_Exercise aim_: Leave out the pictures and copy every record exactly.
(Extracted material begins)
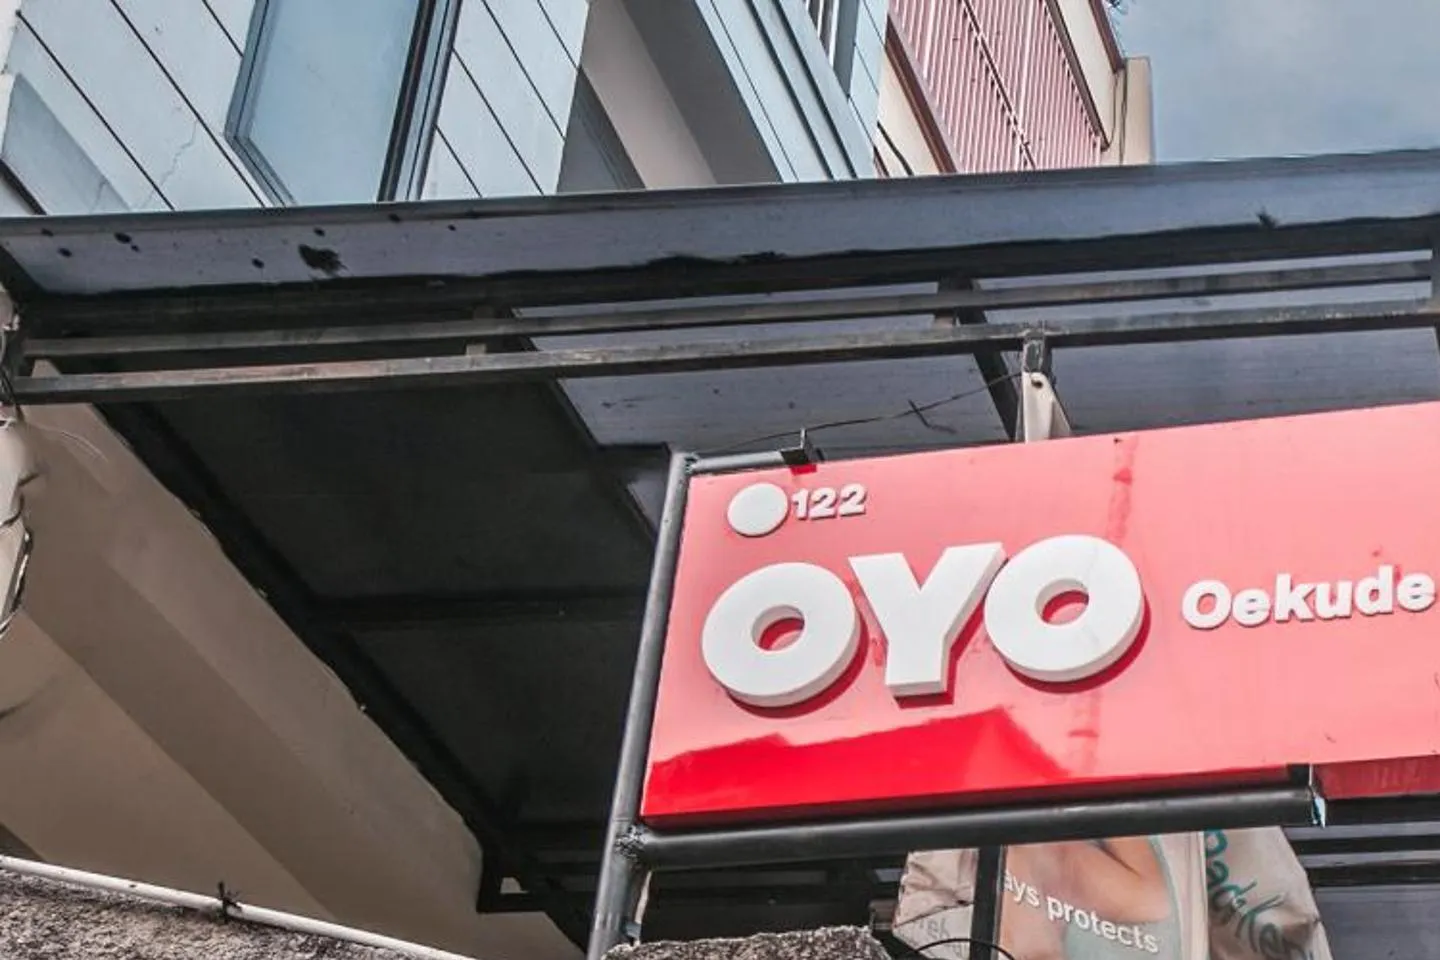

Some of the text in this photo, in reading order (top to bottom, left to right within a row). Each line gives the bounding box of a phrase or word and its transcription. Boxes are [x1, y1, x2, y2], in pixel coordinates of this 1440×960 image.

[791, 483, 867, 520] 122
[701, 534, 1146, 708] OYO
[1181, 564, 1436, 630] Oekude
[1046, 895, 1159, 953] protects
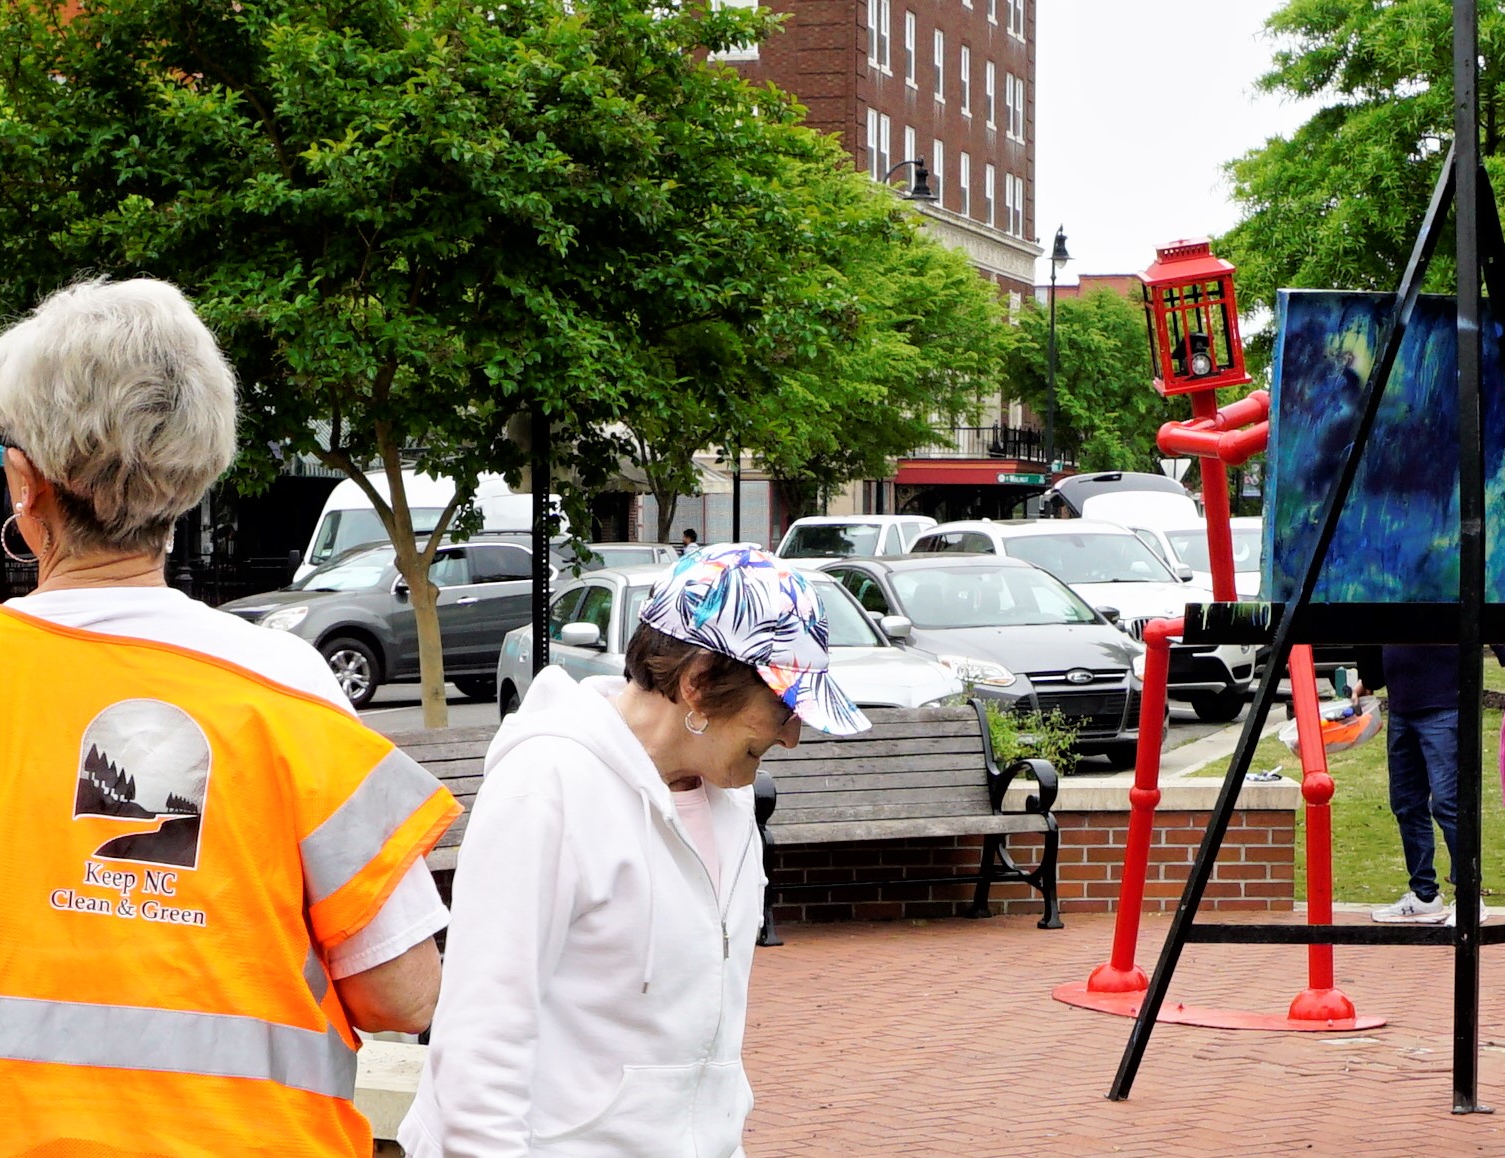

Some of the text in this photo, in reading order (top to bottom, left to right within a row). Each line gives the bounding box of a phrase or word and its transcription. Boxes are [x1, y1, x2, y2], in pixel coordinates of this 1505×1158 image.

[84, 861, 176, 895] Keep NC
[50, 889, 205, 925] Clean & Green
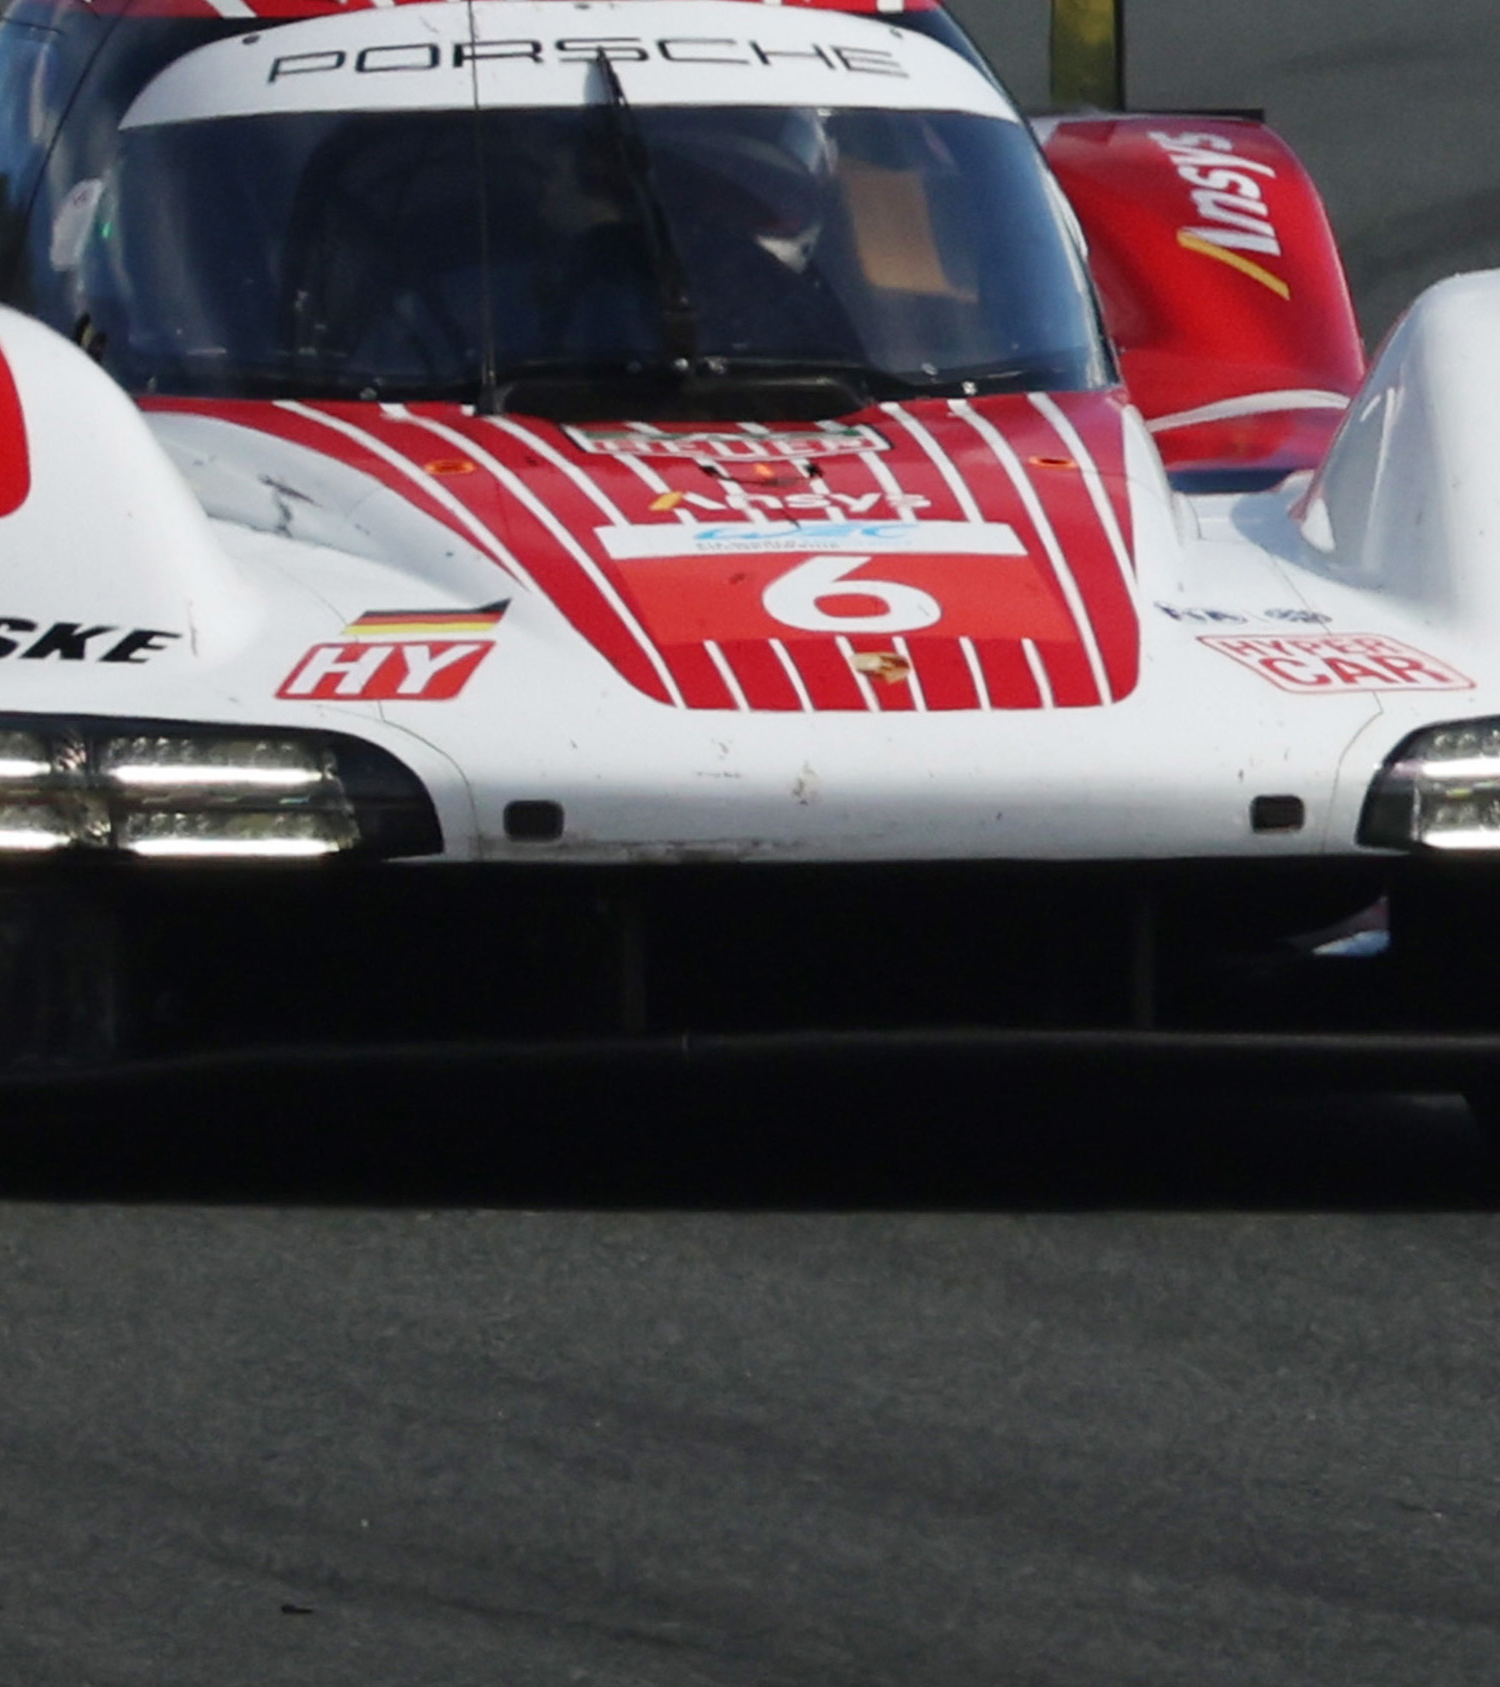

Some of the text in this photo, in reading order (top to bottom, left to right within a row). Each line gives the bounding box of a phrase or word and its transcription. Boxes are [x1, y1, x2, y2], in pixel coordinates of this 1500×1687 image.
(Extracted material ends)
_Finished task_:
Some of the text in this photo, in reading order (top to bottom, left to right within a row). Each line gives the bounding box of a phrase or word and its transcription. Boxes are [x1, y1, x2, y2], in pixel coordinates of this 1440×960 image.

[791, 483, 867, 520] 122
[701, 534, 1146, 708] OYO
[1181, 564, 1436, 630] Oekude
[1046, 895, 1159, 953] protects

Some of the text in this photo, in reading order (top to bottom, left to right within a row). Each line gives the bounding box of a phrase or word and its transcription. Boxes are [x1, y1, x2, y2], in pixel coordinates of this 1505×1158 image.

[84, 861, 176, 895] Keep NC
[50, 889, 205, 925] Clean & Green

Some of the text in this photo, in reading order (top to bottom, left to right within a row). Each line gives the bounding box of a phrase or word and its transcription. Boxes are [x1, y1, x2, y2], in pixel coordinates of this 1500×1687 image.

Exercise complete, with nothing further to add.